Ending a pregnancy can be necessary for a number of reasons, including treating miscarriages where the body doesn’t expel all fetal tissue, starting chemotherapy, and when emergencies happen. Some women also choose to abort if they learn their baby has an abnormality that means they won’t live that long, rather than watch their baby suffer after it’s born.

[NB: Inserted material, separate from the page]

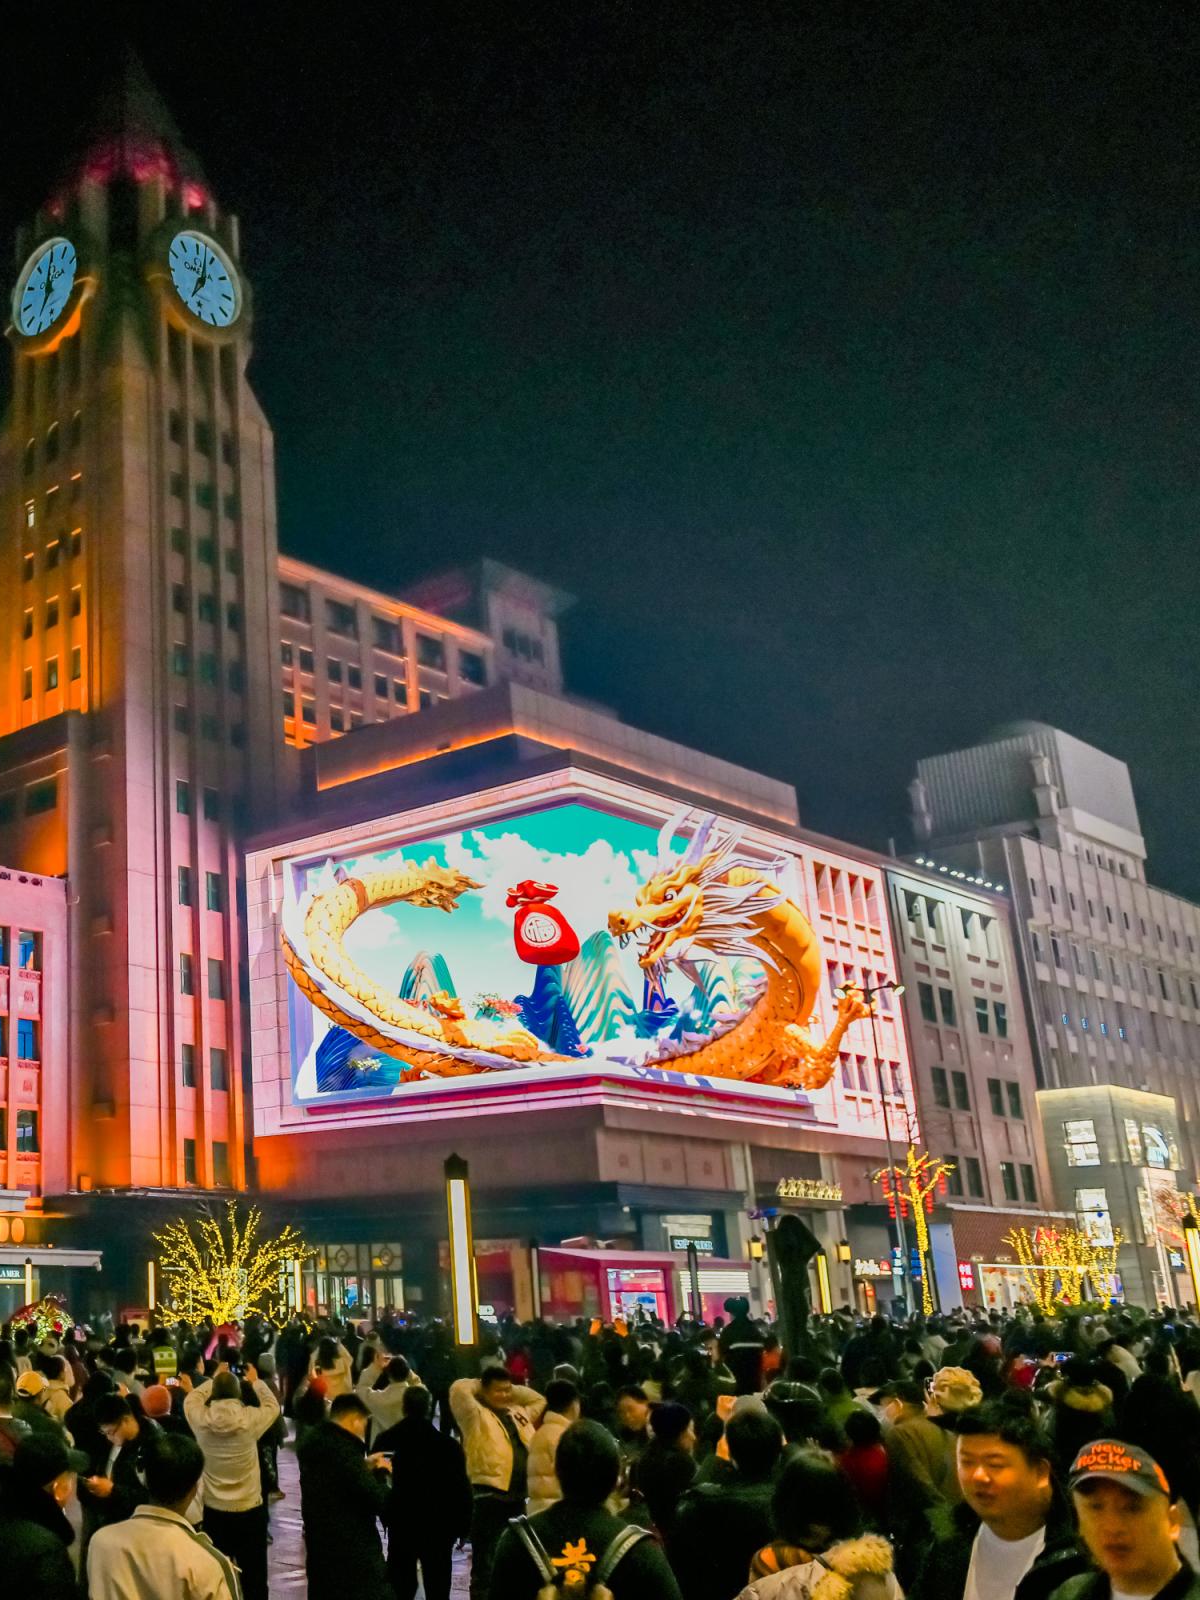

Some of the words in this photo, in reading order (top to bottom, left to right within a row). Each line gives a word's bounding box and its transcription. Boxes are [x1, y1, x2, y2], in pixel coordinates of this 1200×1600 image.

OB-GYNs are, for the most part, the only doctors who can provide that care.

“If you had a physician who was highly interested [in abortion care], they could seek out additional training. But I will be very honest, I’ve never heard of such a thing. There’s just not a lot of people trained,” said Dr. Emily Boevers, an OB-GYN at Waverly Health Center.

Training in abortion care, or access to abortion training, is required only for OB-GYN residencies as part of the full scope of care they provide. And Boevers said obstetrics and gynecology is a small field.

“The number of people who have training in abortion care in Iowa are the number of OB-GYNs here in Iowa,” Boevers said.

And Iowa doesn’t have very many OB-GYNs. Iowa has the lowest number of OB-GYNs per capita in the entire US, and a third of Iowa’s 99 counties don’t have a single provider.

Small, rural communities are the hardest hit by those deficiencies, with several birthing centers in Iowa closing as of late.

OB-GYNs do much more than abortion care, too: They treat conditions related to reproductive organs and those that affect menstruation, pregnancy, childbirth, and the pelvic floor. That involves screening for cancer, monitoring pregnancies, and more.

In communities without labor and delivery units, delivery outcomes worsen, according to a study conducted by the University of Iowa and published this year in the Journal of Rural Health.

Pregnancy is complicated, even without emergency complications, because a lot of underlying conditions are exacerbated by pregnancy.

“That decision [when to act] will fall to the patient’s physician, ultimately, to have enough information to justify performing an abortion for a patient whose life is at risk,” Boevers said, adding there’s never a clear-cut moment when the scale has tipped toward a woman’s life being in danger. “People need to be prepared to watch women die in early pregnancy because Iowa does not have the medical personnel across the state to deal with emergencies in early pregnancy for everyone.”

Bingaman said Broadlawns is doing a grant-approved, year-long fellowship program with the goal of training people to be OB-GYNs and then having them practice in rural Iowa.

“We have 10 applicants, but a lot of them want to incorporate abortion care into their practice,” Bingaman said. “And so they may not even apply here, interview here, once they learn of the potential legislation happening in Iowa.”

Medical school and residencies are the best ways to recruit and retain qualified workers said Bingaman, who went to medical school at the University of Iowa.

“That’s how I ended up here,” she said.